### What the task requires
Write all of the entries out again exactly, but not the images.

### Records for the task

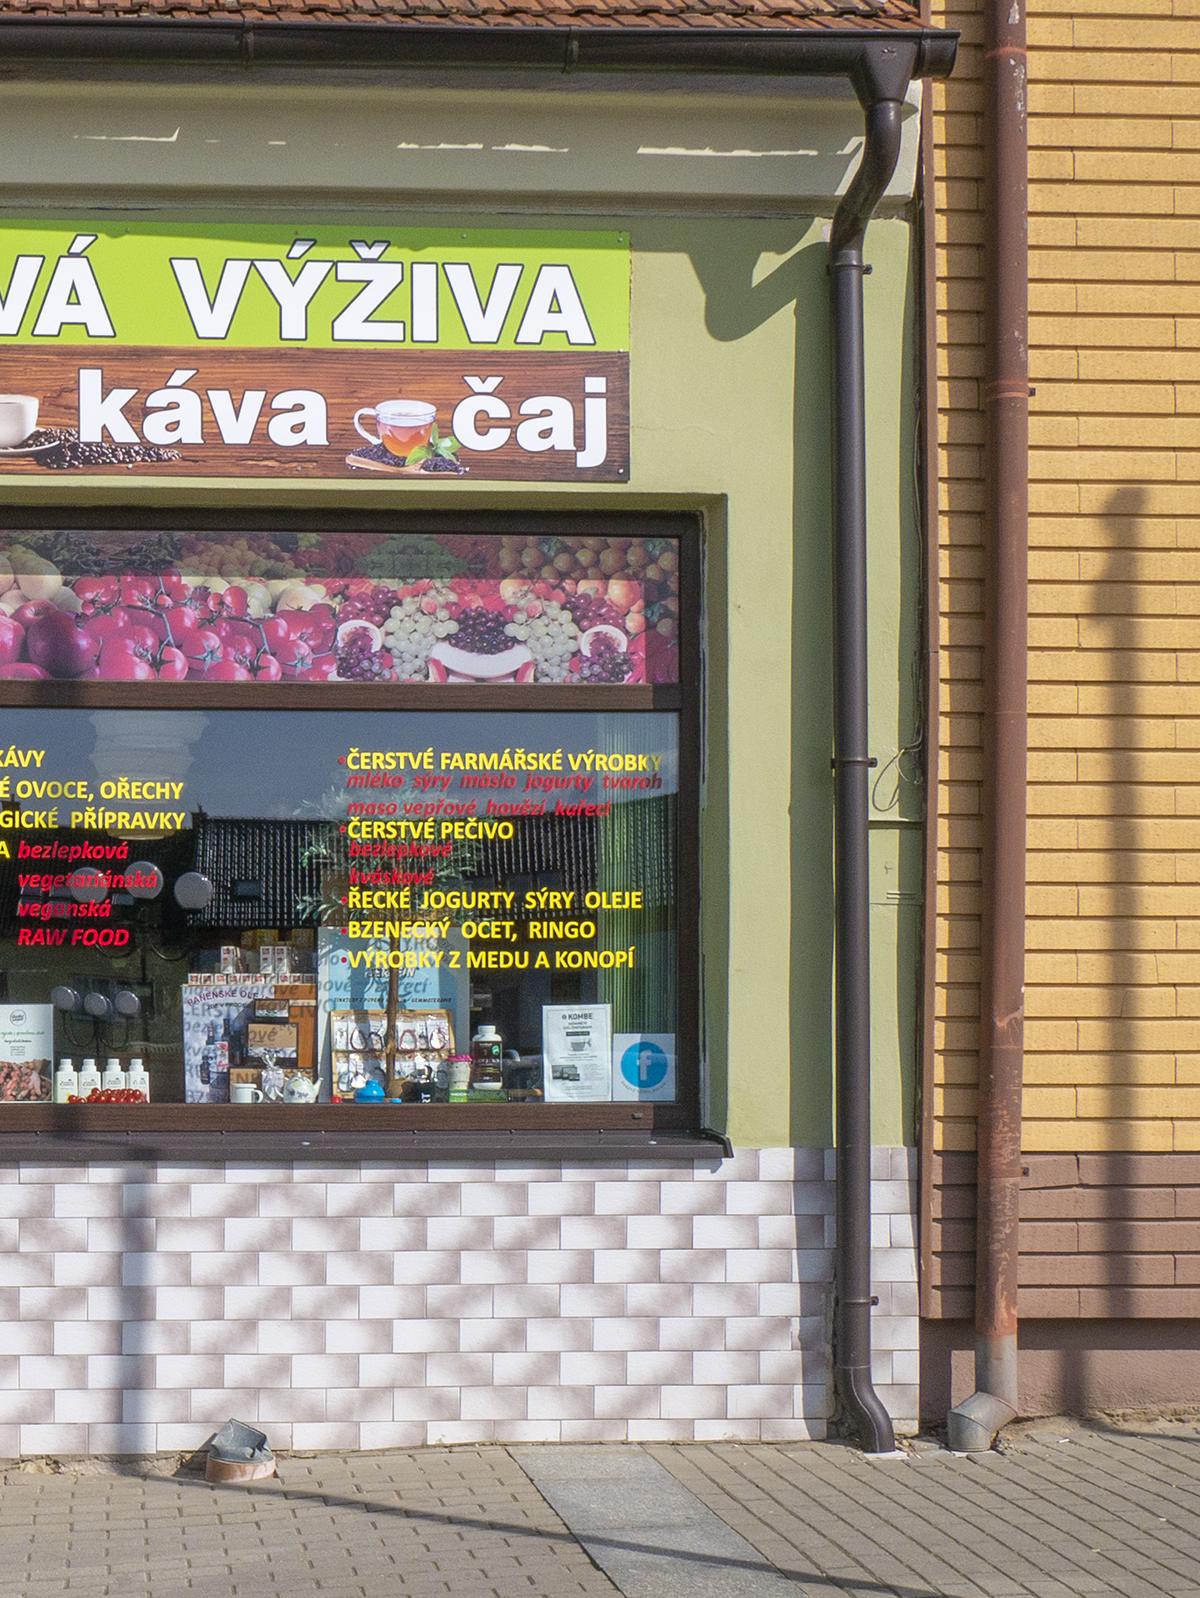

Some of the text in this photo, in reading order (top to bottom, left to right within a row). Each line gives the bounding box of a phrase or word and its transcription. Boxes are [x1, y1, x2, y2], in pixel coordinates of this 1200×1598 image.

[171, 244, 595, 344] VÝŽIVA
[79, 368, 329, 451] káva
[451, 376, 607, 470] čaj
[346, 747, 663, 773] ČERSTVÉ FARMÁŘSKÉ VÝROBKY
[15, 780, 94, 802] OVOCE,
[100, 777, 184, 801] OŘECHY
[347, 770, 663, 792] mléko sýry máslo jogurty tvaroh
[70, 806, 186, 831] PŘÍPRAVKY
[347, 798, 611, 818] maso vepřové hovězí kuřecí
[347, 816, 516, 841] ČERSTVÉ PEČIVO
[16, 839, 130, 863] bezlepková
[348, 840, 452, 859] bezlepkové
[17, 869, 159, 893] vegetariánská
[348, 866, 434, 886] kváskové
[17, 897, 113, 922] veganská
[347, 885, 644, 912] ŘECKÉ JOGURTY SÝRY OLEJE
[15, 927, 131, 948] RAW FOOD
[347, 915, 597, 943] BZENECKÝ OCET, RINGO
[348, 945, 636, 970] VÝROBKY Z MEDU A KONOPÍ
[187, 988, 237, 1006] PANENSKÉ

### Response to this exercise
Some of the text in this photo, in reading order (top to bottom, left to right within a row). Each line gives the bounding box of a phrase or word and its transcription. Boxes are [x1, y1, x2, y2], in pixel coordinates of this 1200×1598 image.

[171, 244, 595, 344] VÝŽIVA
[79, 368, 329, 451] káva
[451, 376, 607, 470] čaj
[346, 747, 663, 773] ČERSTVÉ FARMÁŘSKÉ VÝROBKY
[15, 780, 94, 802] OVOCE,
[100, 777, 184, 801] OŘECHY
[347, 770, 663, 792] mléko sýry máslo jogurty tvaroh
[70, 806, 186, 831] PŘÍPRAVKY
[347, 798, 611, 818] maso vepřové hovězí kuřecí
[347, 816, 516, 841] ČERSTVÉ PEČIVO
[16, 839, 130, 863] bezlepková
[348, 840, 452, 859] bezlepkové
[17, 869, 159, 893] vegetariánská
[348, 866, 434, 886] kváskové
[17, 897, 113, 922] veganská
[347, 885, 644, 912] ŘECKÉ JOGURTY SÝRY OLEJE
[15, 927, 131, 948] RAW FOOD
[347, 915, 597, 943] BZENECKÝ OCET, RINGO
[348, 945, 636, 970] VÝROBKY Z MEDU A KONOPÍ
[187, 988, 237, 1006] PANENSKÉ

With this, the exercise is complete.